Medical students at Baylor have gotten back into their routine of attending classes, taking exams and training to become the healthcare professionals of tomorrow, but the effects of Hurricane Harvey on the community remain very much on their minds. That’s why they jumped at the opportunity to refocus the annual Matthew Carter Service day to meet the needs of people impacted by the storm.
Matthew Carter Service Day is an annual event that honors the memory of a Baylor medical student who was killed in September 2000 and carries on his message of compassion and caring to successive classes of medical students. The event includes an on-campus lecture and an off-campus day of community outreach by students. The 2017 event originally was set for Aug. 26, but coming in the midst of historic flooding, it had to be canceled.
In the days and weeks after Harvey, Baylor medical students were active in helping Baylor faculty and staff and other members of the community whose homes and lives were devastated by the hurricane. It made sense to combine those ongoing efforts with a rescheduled Matthew Carter Service Day focused on post-storm recovery.
Students reorganized and held Matthew Carter Service Day on Saturday, Oct. 7. More than 100 students volunteered at Project C.U.R.E., Fort Bend Women’s Center, Free Indeed Church International/Free Indeed Community Works and Buffalo Bayou Partnership, as well at the homes of five BCM families who were affected by the storm.

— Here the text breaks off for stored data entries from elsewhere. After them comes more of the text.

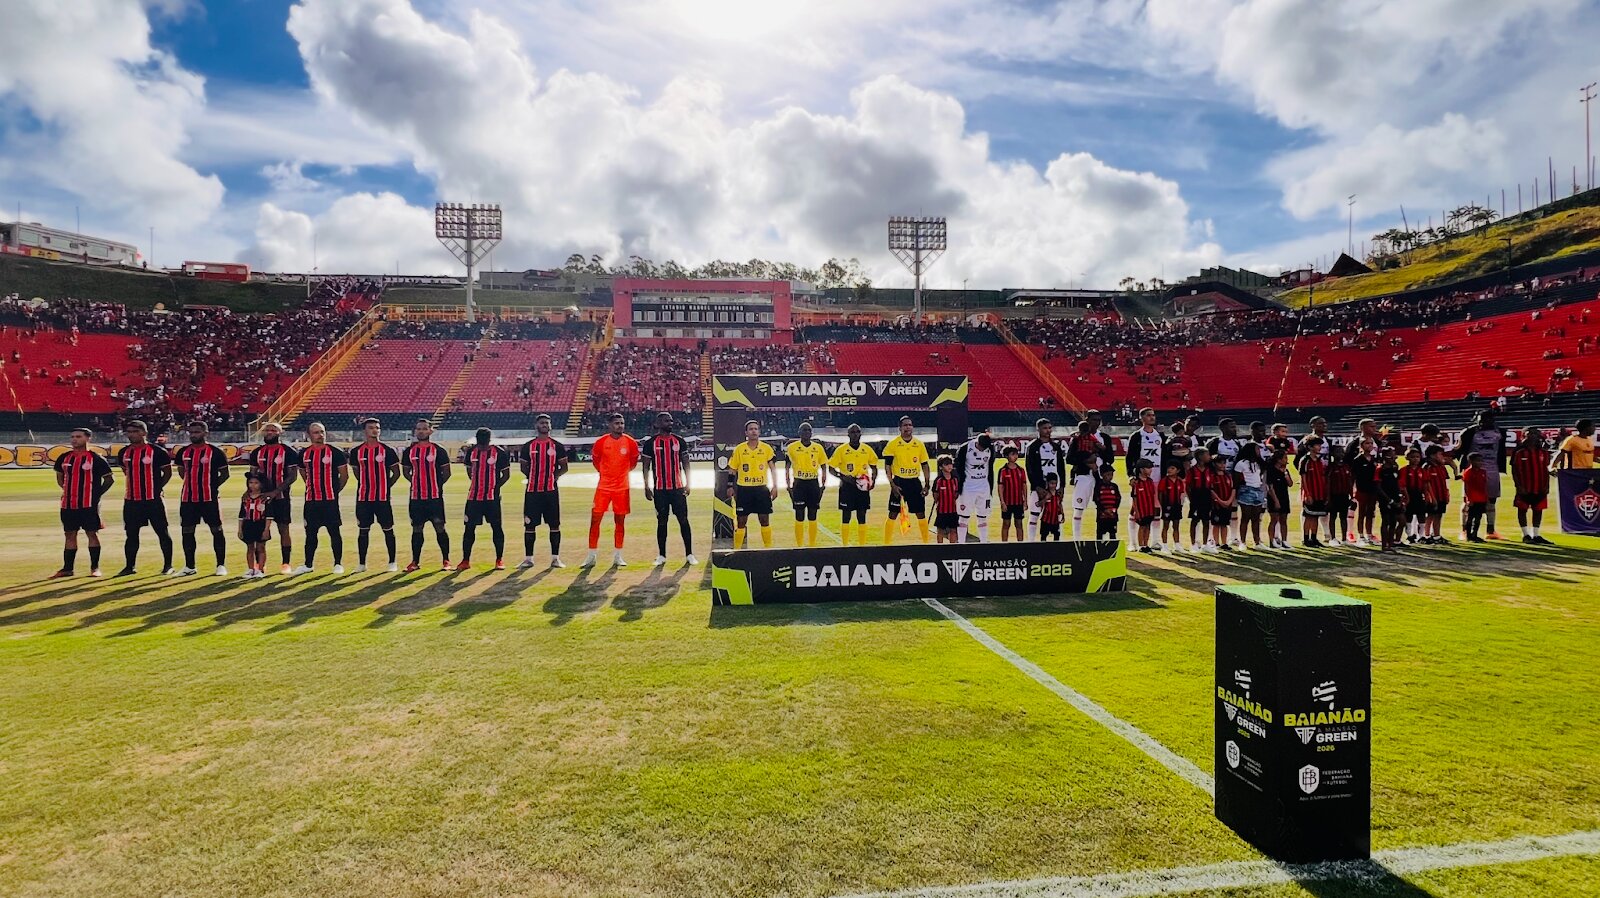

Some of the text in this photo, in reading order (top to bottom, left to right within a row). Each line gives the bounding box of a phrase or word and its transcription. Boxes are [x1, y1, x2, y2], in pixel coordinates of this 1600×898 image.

[770, 378, 867, 397] BAIANÃO
[889, 386, 928, 395] GREEN
[827, 396, 857, 406] 2026
[1143, 448, 1159, 457] 7K
[984, 558, 1028, 568] MANSÃO
[1030, 563, 1073, 577] 2026
[796, 558, 938, 588] BAIANÃO
[971, 567, 1028, 581] GREEN
[1217, 686, 1273, 724] BAIANÃO
[1283, 707, 1366, 727] BAIANÃO
[1236, 715, 1266, 739] GREEN
[1315, 731, 1357, 743] GREEN

“All of the community service activities that we performed that day were in some way associated with Harvey but the message of Matthew Carter Service Day stayed true – BCM students serving their community in a time of need,” said blank year medical student Victoria Mitre, who had mobilized her peers quickly after the hurricane to provide assistant and also was an organizational leader of the new service day.
Aravindh Ganapathy was another student organizer of the service day. He said it was a humbling experience, because Hurricane Harvey’s destruction was vast and affected so many, regardless of economic status or any other factors.
“Not only were we committed to honoring what Matthew Carter Service Day means and entails, but we also helped expand its reach to assist our healing community after such a devastating natural disaster,” he said. “It brought a new and powerful purpose to the day, and this was embodied by the hard work of members of the BCM community helping each other and Houston.”
Community outreach is an important part of well-rounded medical education, the students said. It provides an opportunity to interact with people in a nonmedical setting, offering a glimpse in the lives of patients – or potential patients – and helping to understand them better, Mitre said.
Students started the day with a breakfast in the Baylor courtyard provided by the Kolache Factory and Panera Bread and a brief talk by Dr. Lee Poythress, associate professor of medicine and assistant dean of student affairs.